In your Flutter pubspec.yaml, add this zip file as an asset. You’ll need to write your own script at startup to unzip these libraries to the application’s ${dataDir}/app_flutter subdirectory. I’ve created a gist here that will help.

Ideally, I’d integrate this with Gradle build, but I couldn’t figure out a way to embed files other than dynamic libraries (.so).

I assume Android requires all non-library files to be packaged as application assets.
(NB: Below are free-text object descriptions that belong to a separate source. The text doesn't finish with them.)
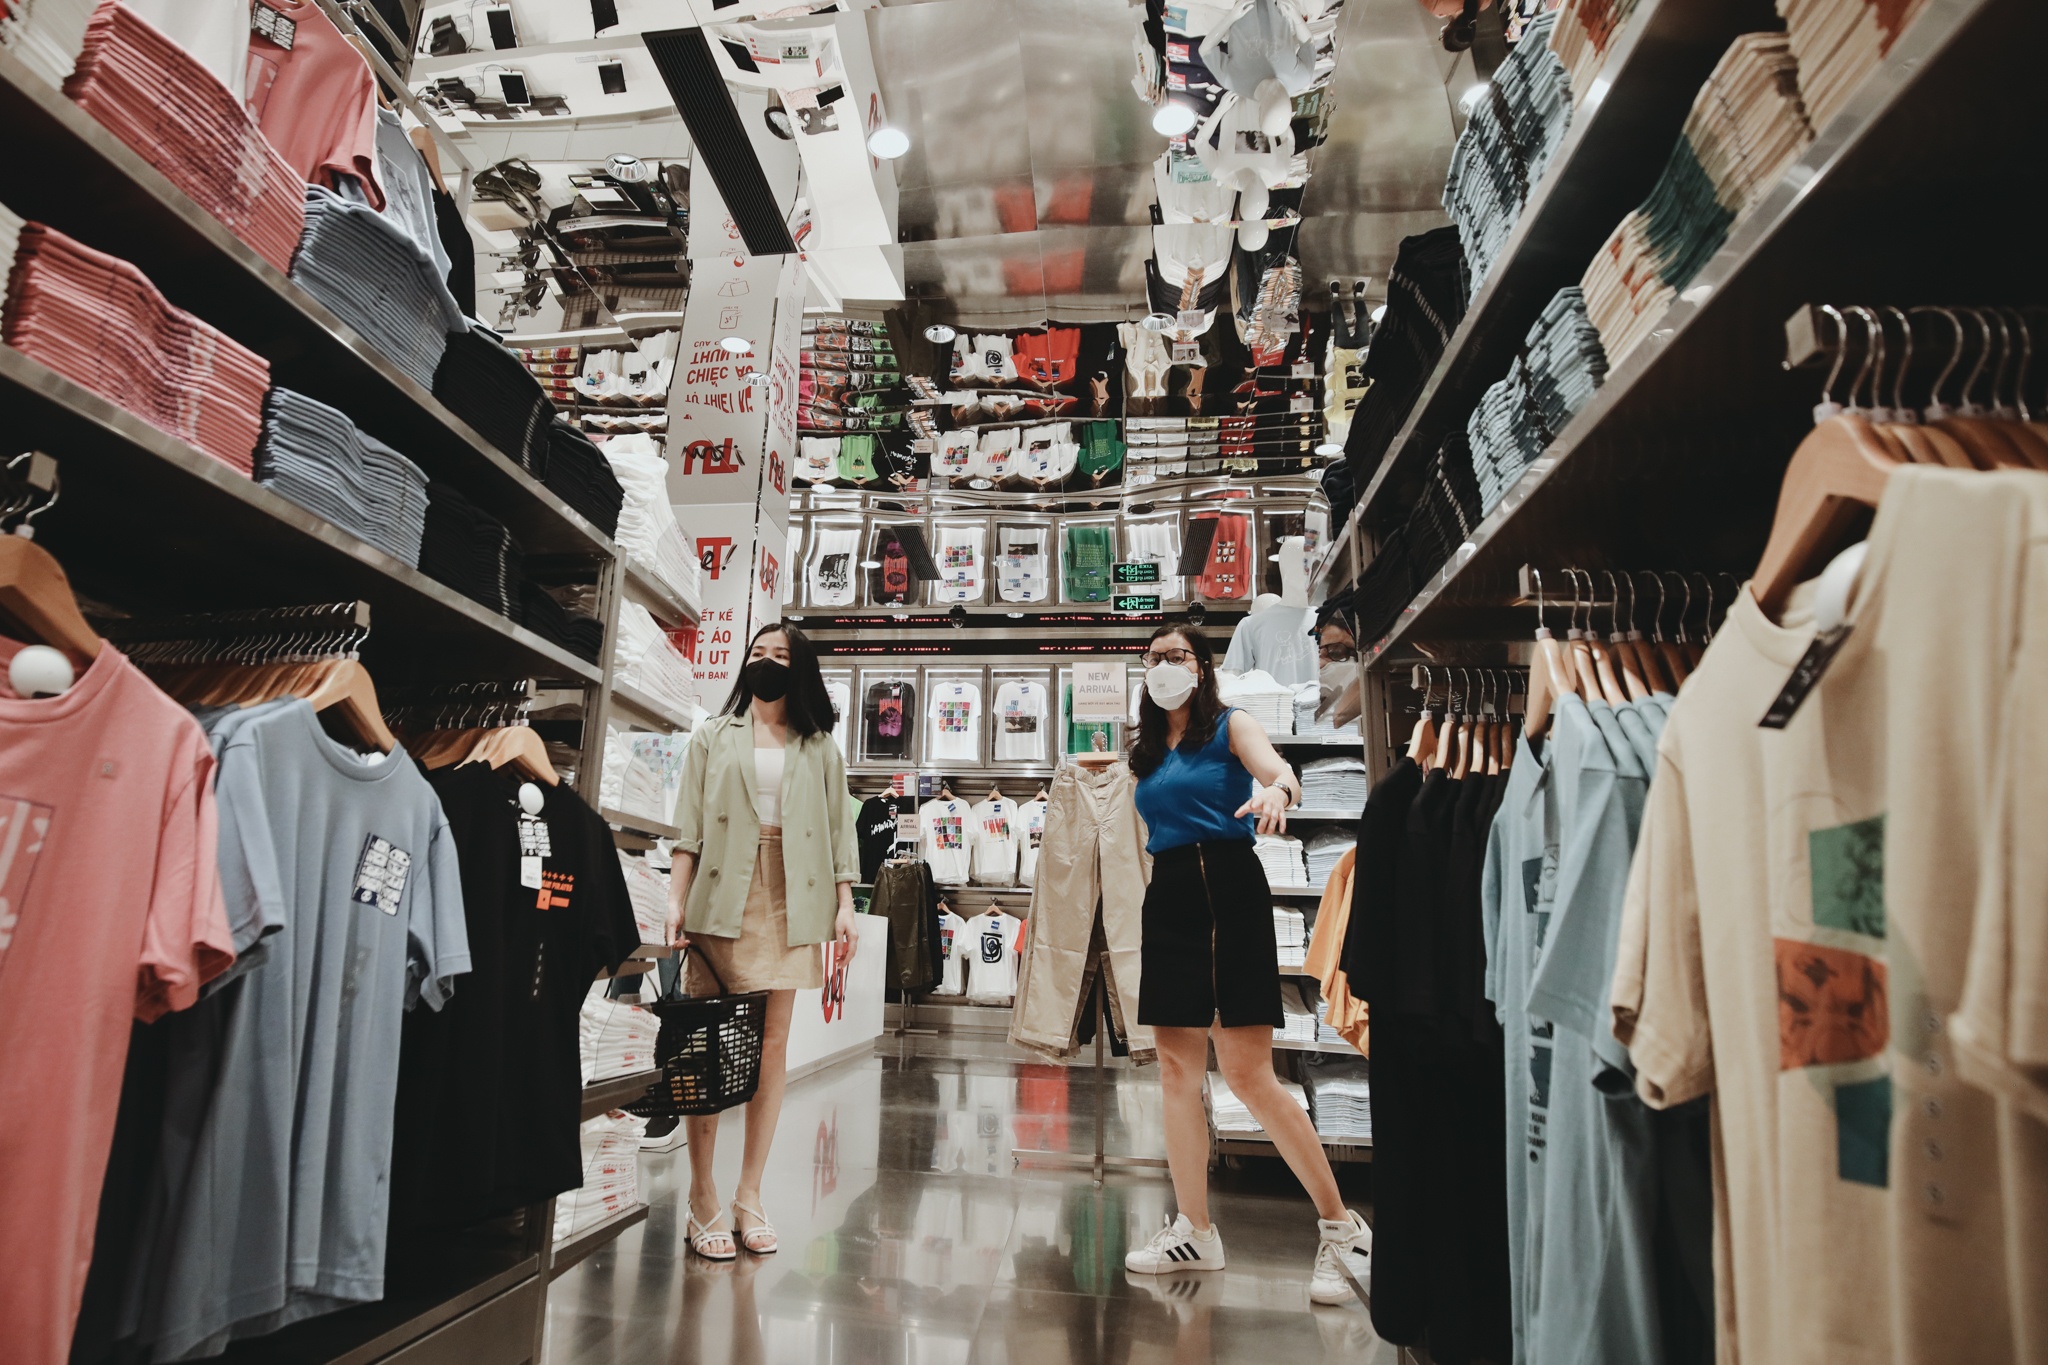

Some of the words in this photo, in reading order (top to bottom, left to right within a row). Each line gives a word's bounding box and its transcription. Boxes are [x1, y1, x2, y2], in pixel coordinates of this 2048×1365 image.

[696, 537, 733, 580] T
[759, 545, 779, 600] UT
[718, 607, 734, 622] KẾ
[711, 626, 732, 644] ÁO
[709, 650, 730, 665] UT
[708, 671, 729, 682] BẠN!
[1088, 672, 1110, 681] NEW
[1079, 684, 1120, 694] ARRIVAL
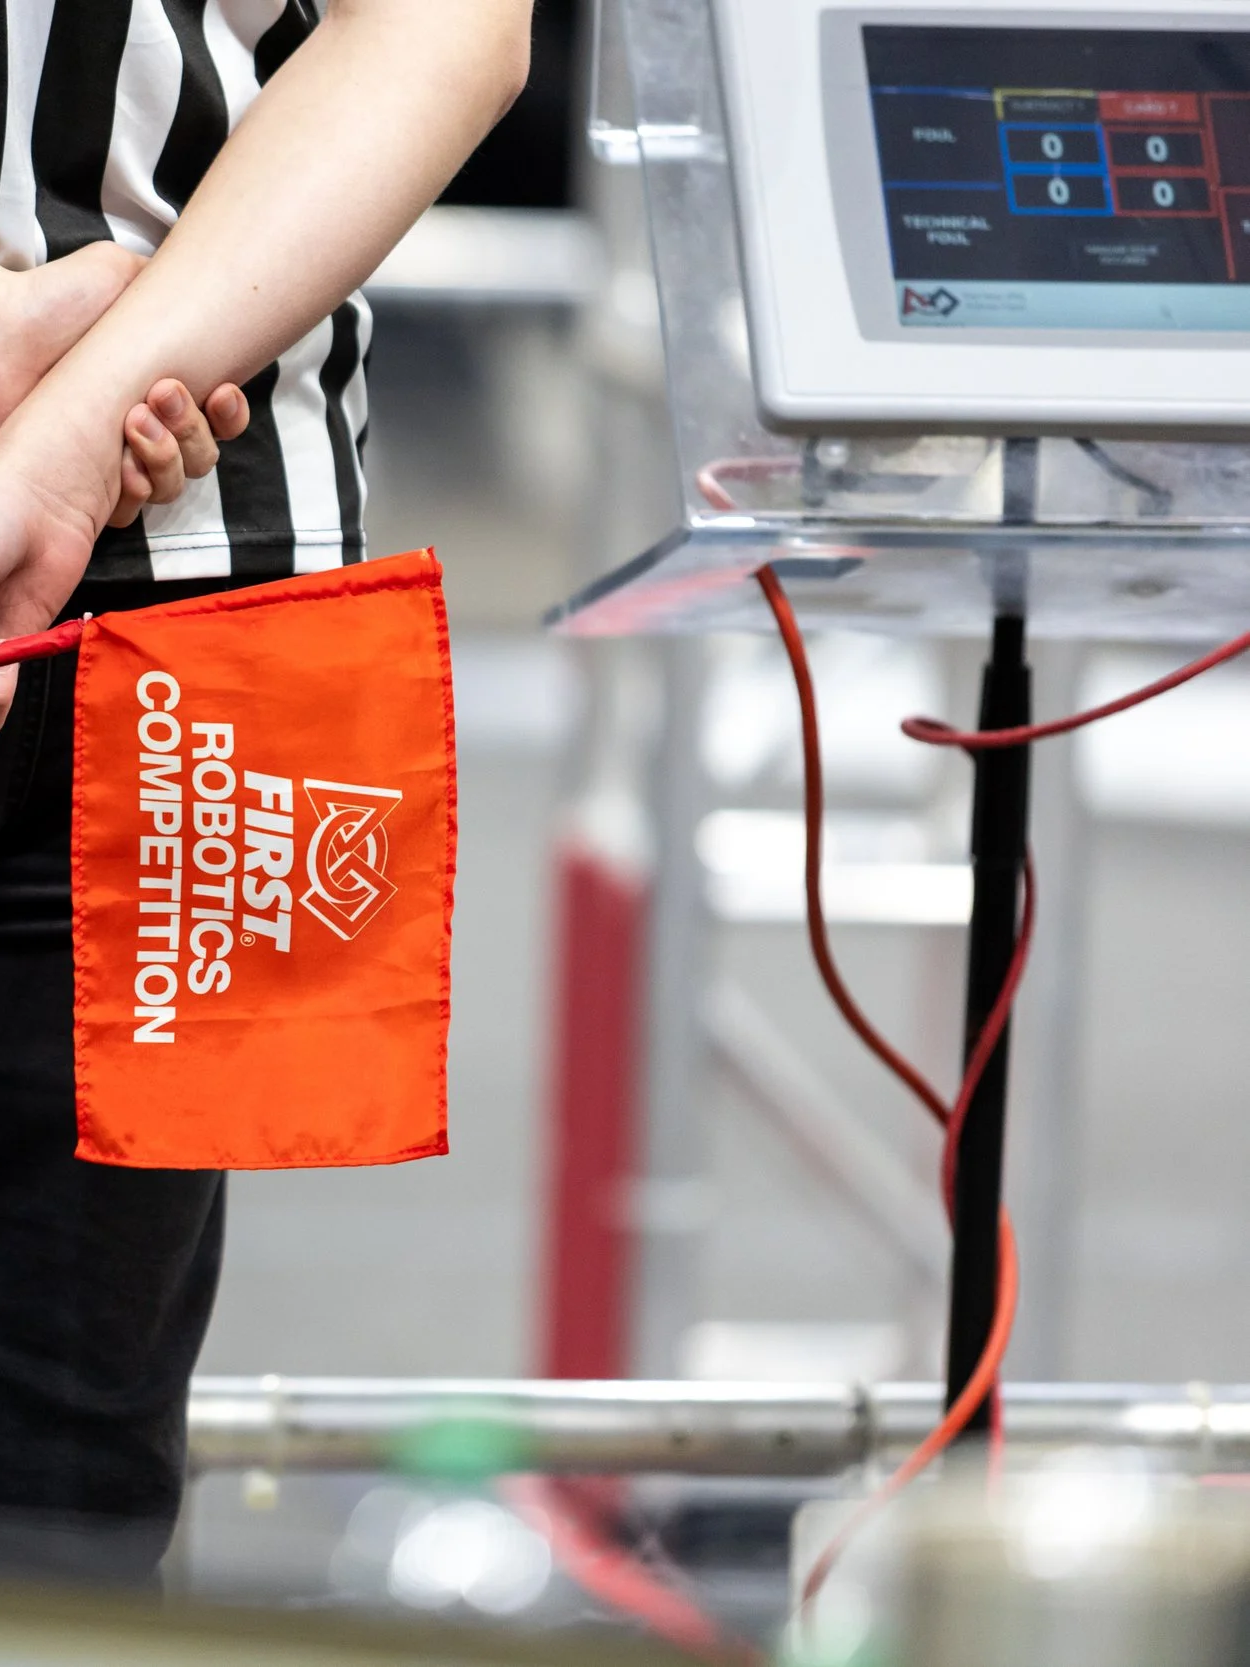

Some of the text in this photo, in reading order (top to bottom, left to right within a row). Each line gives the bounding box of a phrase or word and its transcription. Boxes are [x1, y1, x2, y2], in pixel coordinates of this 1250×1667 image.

[1041, 132, 1064, 160] 0
[1145, 135, 1169, 163] 0
[1047, 177, 1070, 205] 0
[1152, 180, 1175, 207] 0
[133, 670, 183, 1044] COMPETITION
[187, 722, 237, 995] ROBOTICS
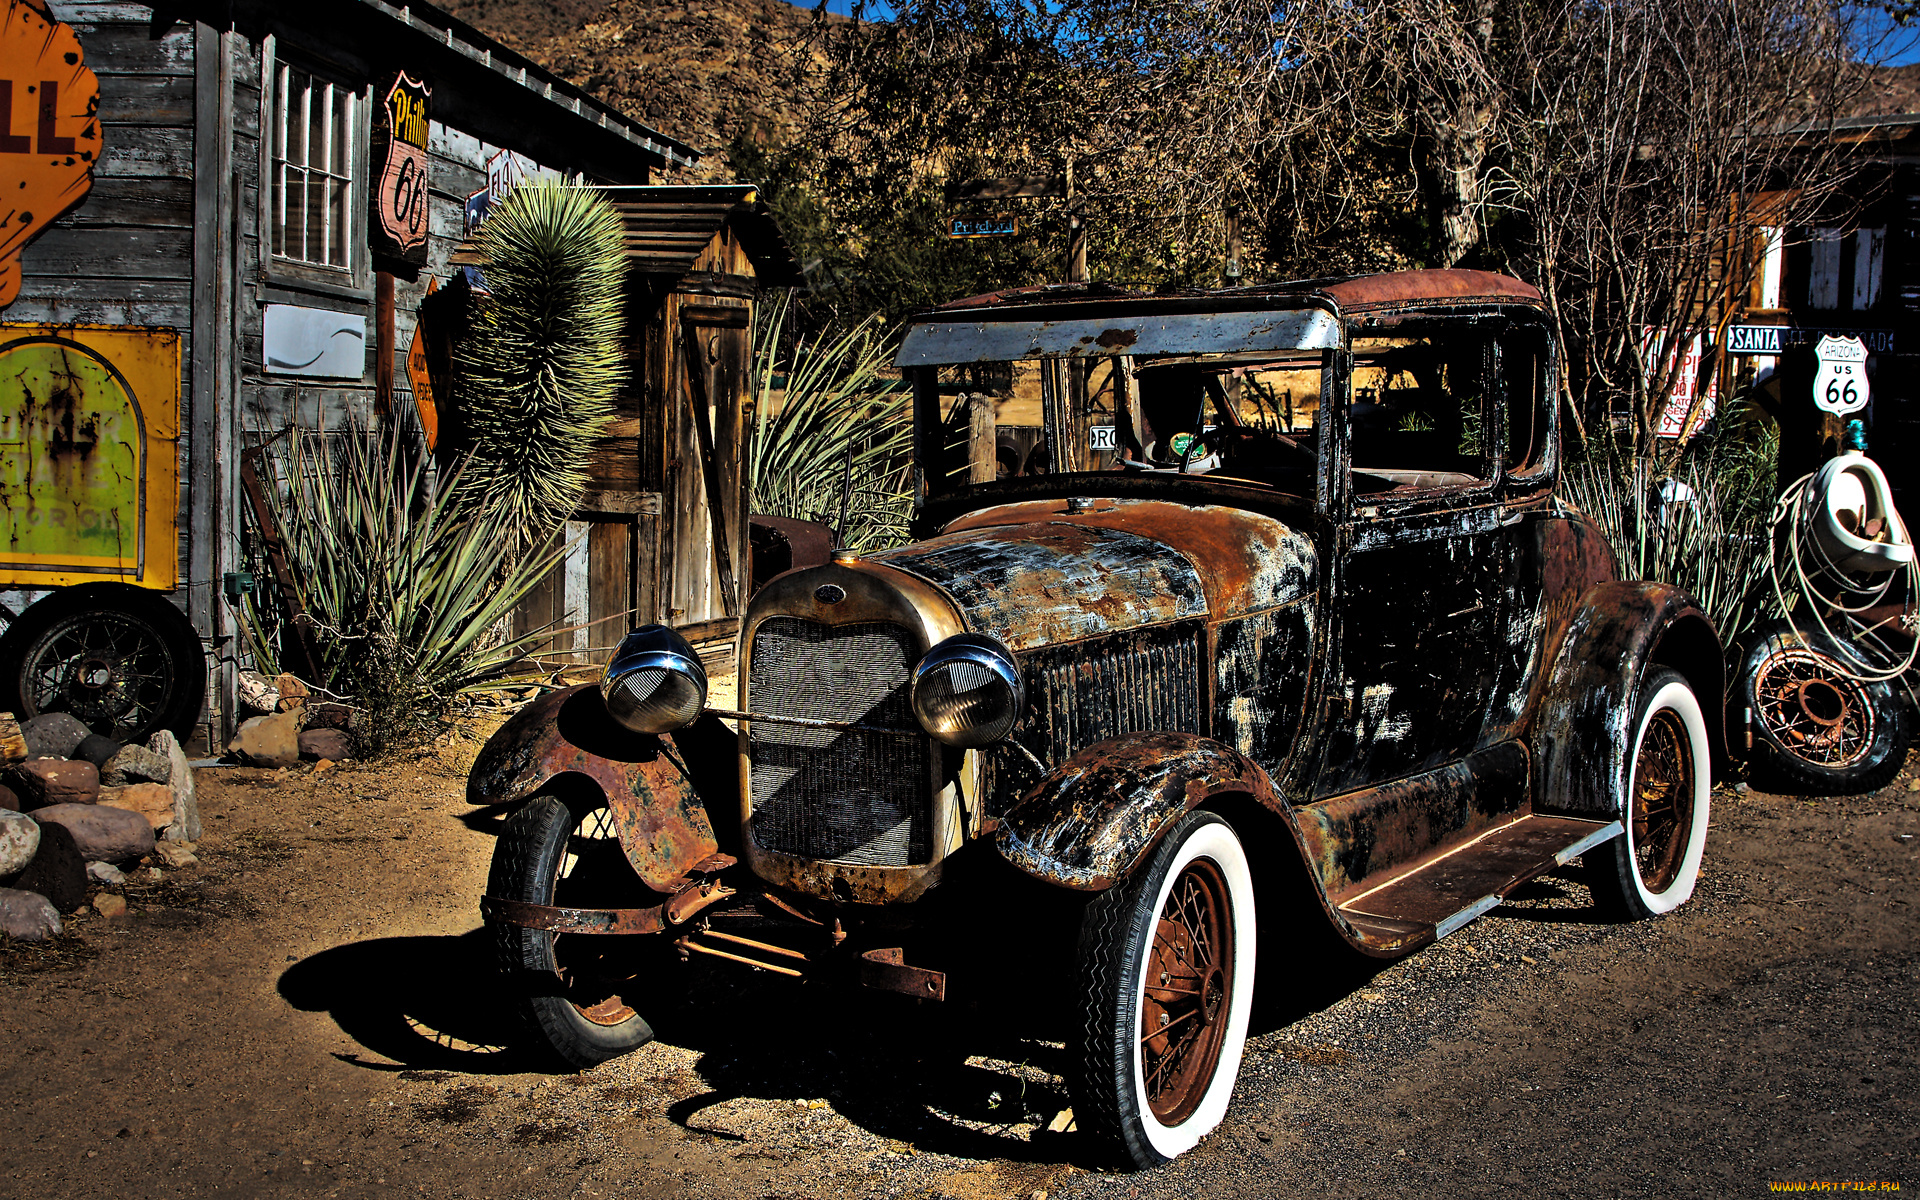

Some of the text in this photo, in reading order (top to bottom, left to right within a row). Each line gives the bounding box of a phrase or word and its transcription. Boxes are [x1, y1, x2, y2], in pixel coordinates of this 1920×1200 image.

[395, 157, 425, 235] 66
[1735, 328, 1780, 350] SANTA
[1825, 345, 1861, 358] ARIZONA
[1826, 378, 1858, 404] 66
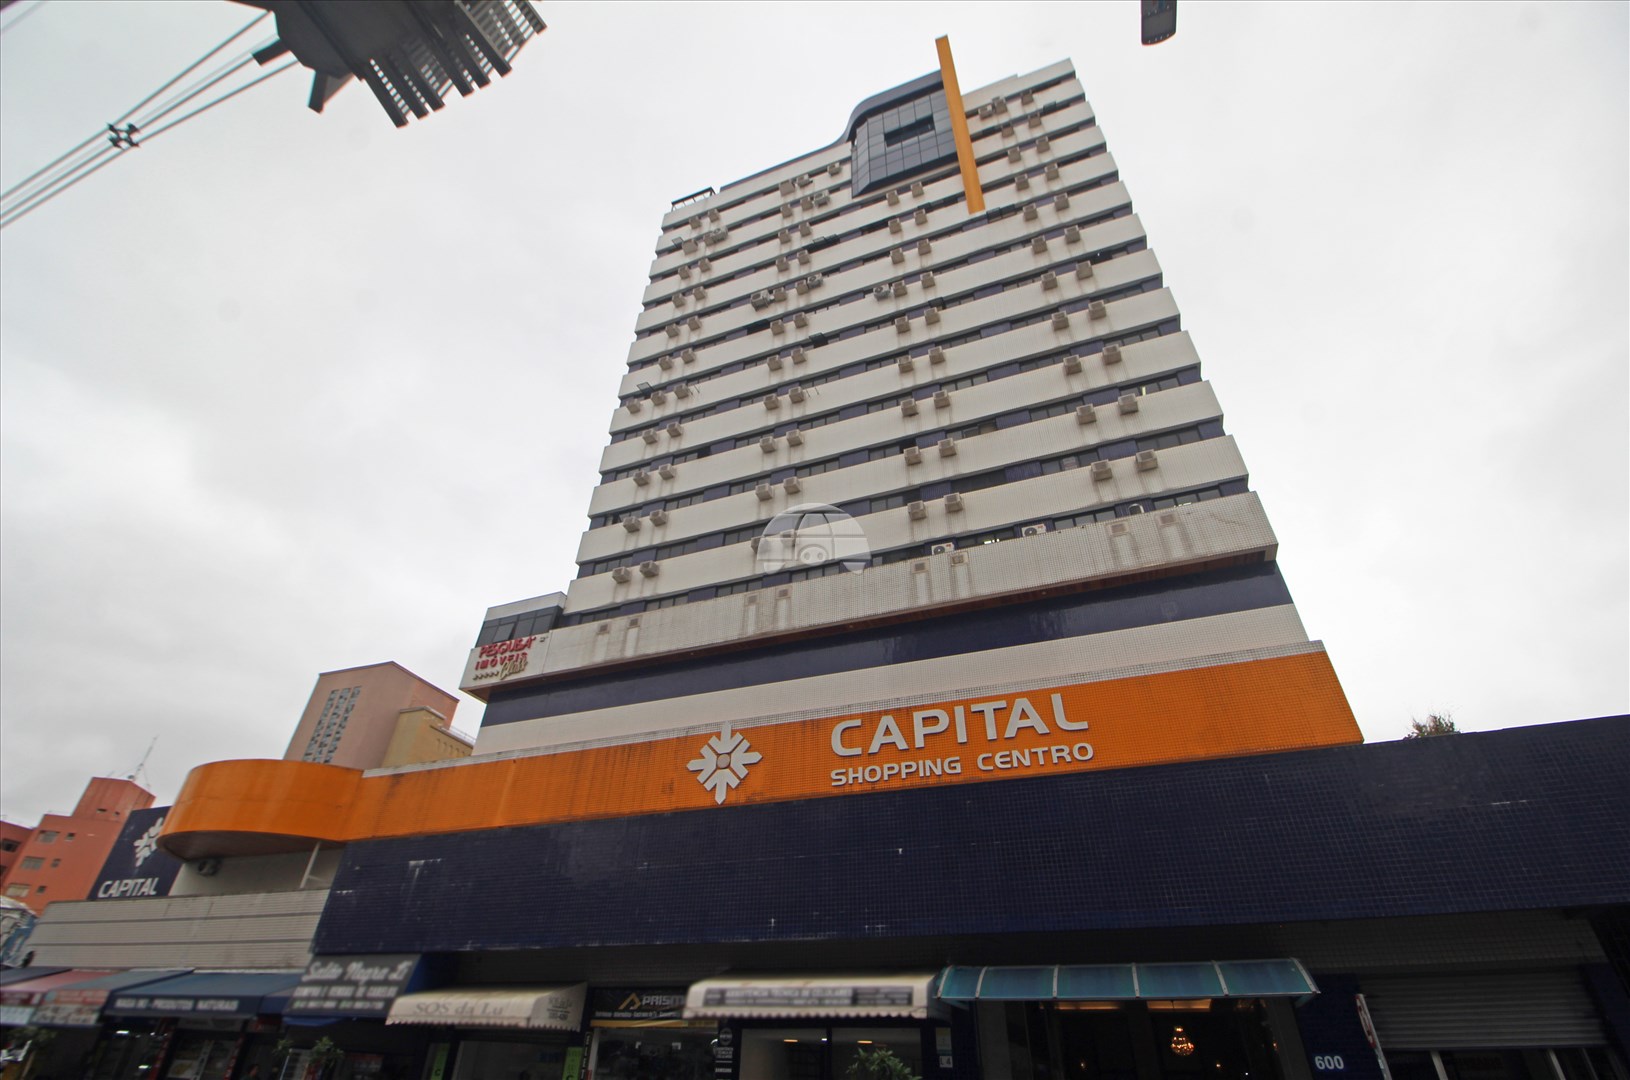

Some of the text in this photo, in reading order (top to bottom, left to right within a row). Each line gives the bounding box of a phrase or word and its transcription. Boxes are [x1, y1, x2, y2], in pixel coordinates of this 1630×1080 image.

[831, 693, 1089, 756] CAPITAL
[830, 742, 1095, 787] SHOPPING CENTRO
[97, 877, 159, 898] CAPITAL
[415, 1001, 449, 1015] SOS
[642, 995, 686, 1006] PRISM
[1315, 1055, 1344, 1070] 600
[iOS] AOT compile libraries and link via Xcode ๐Ÿ”—

On iOS, all assemblies need to be AOT-compiled and copied via Xcode (rather than zipped and extracted at runtime).

I encountered a lot of difficulty in getting this all to work.

A successful compile doesn’t mean the libraries will actually run.

There are a lot of strong, hidden dependencies under the hood that mean you need to use the correct version of mscorlib.dll, FSharp.Core.dll, compile switches, and so on.

Roughly speaking, I needed to:

  • use the FSharp.Core.dll from the Xamarin.iOS binaries repository. Don’t copy from NuGet or your project build folder - I believe an older build is required under Mono.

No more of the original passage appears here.